My Main Problem With The Portals

    I recently bashed Amazon.com for drifting too far from (what I saw as) its original vision. The problem with most portals is they don't have any vision. They are a crude attempt to suck in as many eyeballs for as long as possible. They are the cyber equivalent of checkstand tabloids, shouting as many headlines as they can at you hoping to catch your interest and sucker you in before you turn your head. They are dishonest in even calling themselves portals when rather than being a doorway onto the whole wide web, they are a quicksand pit dragging you into their own domain.
    Most of them exist solely as an exercise in making money. They couldn't care less about providing service to their users. To them you are nothing more than an advertisement receptacle, no matter how many times they call you "member" or claim you into their "community." There is a huge difference between having some advertising on your pages to support your pages and support your overall vision, or instead having the advertising be the vision. In the one the money supports the reason for existence; in the other the money is the reason for existence, and that is putting the cart before the horse.

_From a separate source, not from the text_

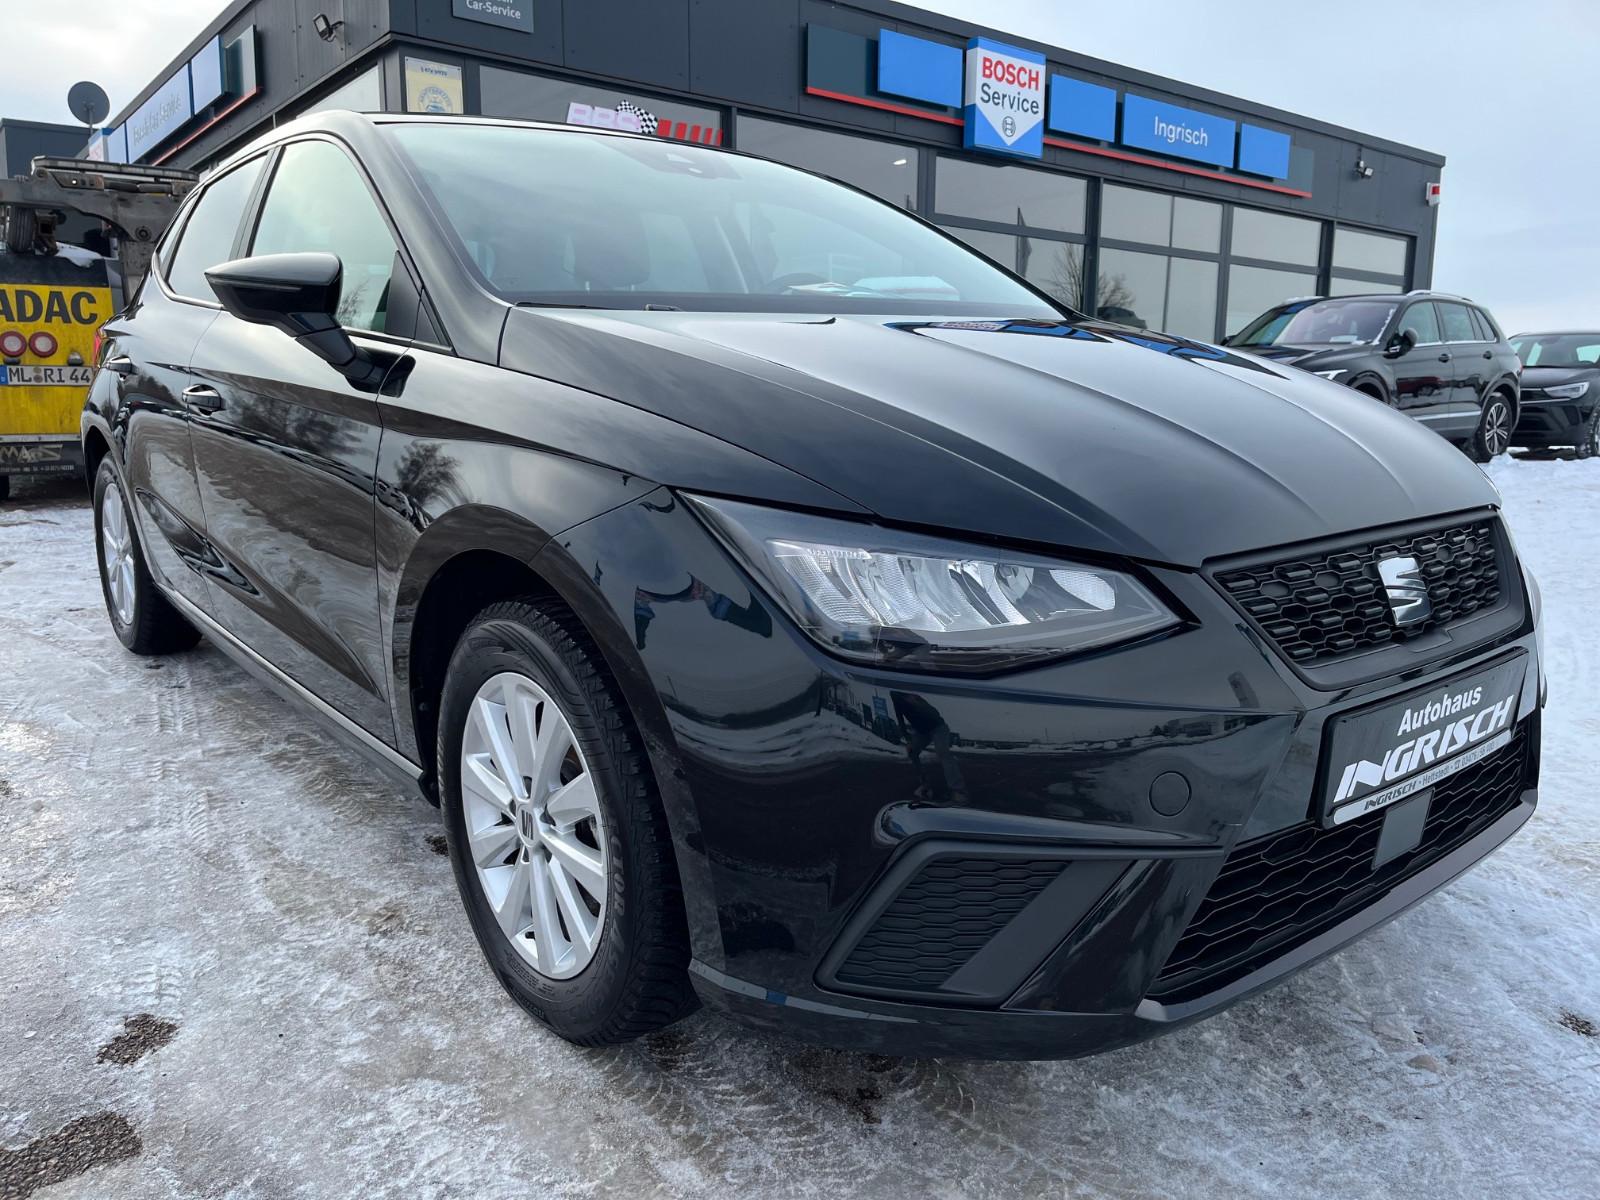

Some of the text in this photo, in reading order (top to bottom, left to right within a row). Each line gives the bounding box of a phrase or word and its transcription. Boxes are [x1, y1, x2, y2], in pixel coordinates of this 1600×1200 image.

    This "portal model" has corrupted good services such as Alta Vista and DejaNews and flooded us under too many poor imitators to count. (Those sites that did have a vision, were unique, did have their own content, but are now looking to portal-ize themselves should stop right now and get their focus back on basics.) Every major software distributor looks like a portal. Every information service looks like a portal. It is ugly. It is inefficient. And ultimately it does the exact opposite of what it is intended to: it drives the viewer away.